§ DATA FOR THIS EXERCISE:
+--
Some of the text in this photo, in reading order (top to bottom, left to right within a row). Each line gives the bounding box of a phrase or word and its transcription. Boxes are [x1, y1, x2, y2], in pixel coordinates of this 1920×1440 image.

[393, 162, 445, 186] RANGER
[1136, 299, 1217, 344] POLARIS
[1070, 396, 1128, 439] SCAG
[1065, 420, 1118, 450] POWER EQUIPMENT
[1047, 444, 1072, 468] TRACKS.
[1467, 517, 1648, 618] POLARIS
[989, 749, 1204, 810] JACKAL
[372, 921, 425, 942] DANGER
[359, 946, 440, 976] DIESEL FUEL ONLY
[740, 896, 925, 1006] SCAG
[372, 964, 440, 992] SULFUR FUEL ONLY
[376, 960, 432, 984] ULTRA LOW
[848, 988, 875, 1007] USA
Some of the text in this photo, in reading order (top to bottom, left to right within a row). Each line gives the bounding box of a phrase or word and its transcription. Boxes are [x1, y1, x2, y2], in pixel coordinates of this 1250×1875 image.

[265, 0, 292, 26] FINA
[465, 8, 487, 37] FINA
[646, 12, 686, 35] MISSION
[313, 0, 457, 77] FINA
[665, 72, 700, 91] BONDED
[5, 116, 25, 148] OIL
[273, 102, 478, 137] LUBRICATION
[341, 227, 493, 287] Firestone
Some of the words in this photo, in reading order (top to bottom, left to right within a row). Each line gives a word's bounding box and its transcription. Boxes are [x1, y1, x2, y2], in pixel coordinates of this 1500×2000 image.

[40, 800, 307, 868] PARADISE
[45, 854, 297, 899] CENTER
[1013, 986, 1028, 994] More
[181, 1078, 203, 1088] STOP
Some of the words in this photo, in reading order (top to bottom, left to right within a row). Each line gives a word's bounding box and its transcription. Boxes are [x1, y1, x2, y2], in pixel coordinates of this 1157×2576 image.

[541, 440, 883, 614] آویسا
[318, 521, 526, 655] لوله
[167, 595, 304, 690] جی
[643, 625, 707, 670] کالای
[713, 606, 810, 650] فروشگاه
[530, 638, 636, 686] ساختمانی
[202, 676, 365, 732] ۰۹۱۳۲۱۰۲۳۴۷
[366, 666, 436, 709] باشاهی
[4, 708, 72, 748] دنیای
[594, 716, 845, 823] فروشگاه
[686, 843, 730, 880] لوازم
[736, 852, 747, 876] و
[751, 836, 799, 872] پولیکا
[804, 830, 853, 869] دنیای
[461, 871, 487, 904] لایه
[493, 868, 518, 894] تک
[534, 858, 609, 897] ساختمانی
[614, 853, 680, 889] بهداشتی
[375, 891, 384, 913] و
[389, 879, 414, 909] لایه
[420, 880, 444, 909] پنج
+--
§ ABOUT THIS EXERCISE: Type out the material above once more, exactly.

§ RESPONSE TO THIS TASK:
Some of the text in this photo, in reading order (top to bottom, left to right within a row). Each line gives the bounding box of a phrase or word and its transcription. Boxes are [x1, y1, x2, y2], in pixel coordinates of this 1920×1440 image.

[393, 162, 445, 186] RANGER
[1136, 299, 1217, 344] POLARIS
[1070, 396, 1128, 439] SCAG
[1065, 420, 1118, 450] POWER EQUIPMENT
[1047, 444, 1072, 468] TRACKS.
[1467, 517, 1648, 618] POLARIS
[989, 749, 1204, 810] JACKAL
[372, 921, 425, 942] DANGER
[359, 946, 440, 976] DIESEL FUEL ONLY
[740, 896, 925, 1006] SCAG
[372, 964, 440, 992] SULFUR FUEL ONLY
[376, 960, 432, 984] ULTRA LOW
[848, 988, 875, 1007] USA
Some of the text in this photo, in reading order (top to bottom, left to right within a row). Each line gives the bounding box of a phrase or word and its transcription. Boxes are [x1, y1, x2, y2], in pixel coordinates of this 1250×1875 image.

[265, 0, 292, 26] FINA
[465, 8, 487, 37] FINA
[646, 12, 686, 35] MISSION
[313, 0, 457, 77] FINA
[665, 72, 700, 91] BONDED
[5, 116, 25, 148] OIL
[273, 102, 478, 137] LUBRICATION
[341, 227, 493, 287] Firestone
Some of the words in this photo, in reading order (top to bottom, left to right within a row). Each line gives a word's bounding box and its transcription. Boxes are [x1, y1, x2, y2], in pixel coordinates of this 1500×2000 image.

[40, 800, 307, 868] PARADISE
[45, 854, 297, 899] CENTER
[1013, 986, 1028, 994] More
[181, 1078, 203, 1088] STOP
Some of the words in this photo, in reading order (top to bottom, left to right within a row). Each line gives a word's bounding box and its transcription. Boxes are [x1, y1, x2, y2], in pixel coordinates of this 1157×2576 image.

[541, 440, 883, 614] آویسا
[318, 521, 526, 655] لوله
[167, 595, 304, 690] جی
[643, 625, 707, 670] کالای
[713, 606, 810, 650] فروشگاه
[530, 638, 636, 686] ساختمانی
[202, 676, 365, 732] ۰۹۱۳۲۱۰۲۳۴۷
[366, 666, 436, 709] باشاهی
[4, 708, 72, 748] دنیای
[594, 716, 845, 823] فروشگاه
[686, 843, 730, 880] لوازم
[736, 852, 747, 876] و
[751, 836, 799, 872] پولیکا
[804, 830, 853, 869] دنیای
[461, 871, 487, 904] لایه
[493, 868, 518, 894] تک
[534, 858, 609, 897] ساختمانی
[614, 853, 680, 889] بهداشتی
[375, 891, 384, 913] و
[389, 879, 414, 909] لایه
[420, 880, 444, 909] پنج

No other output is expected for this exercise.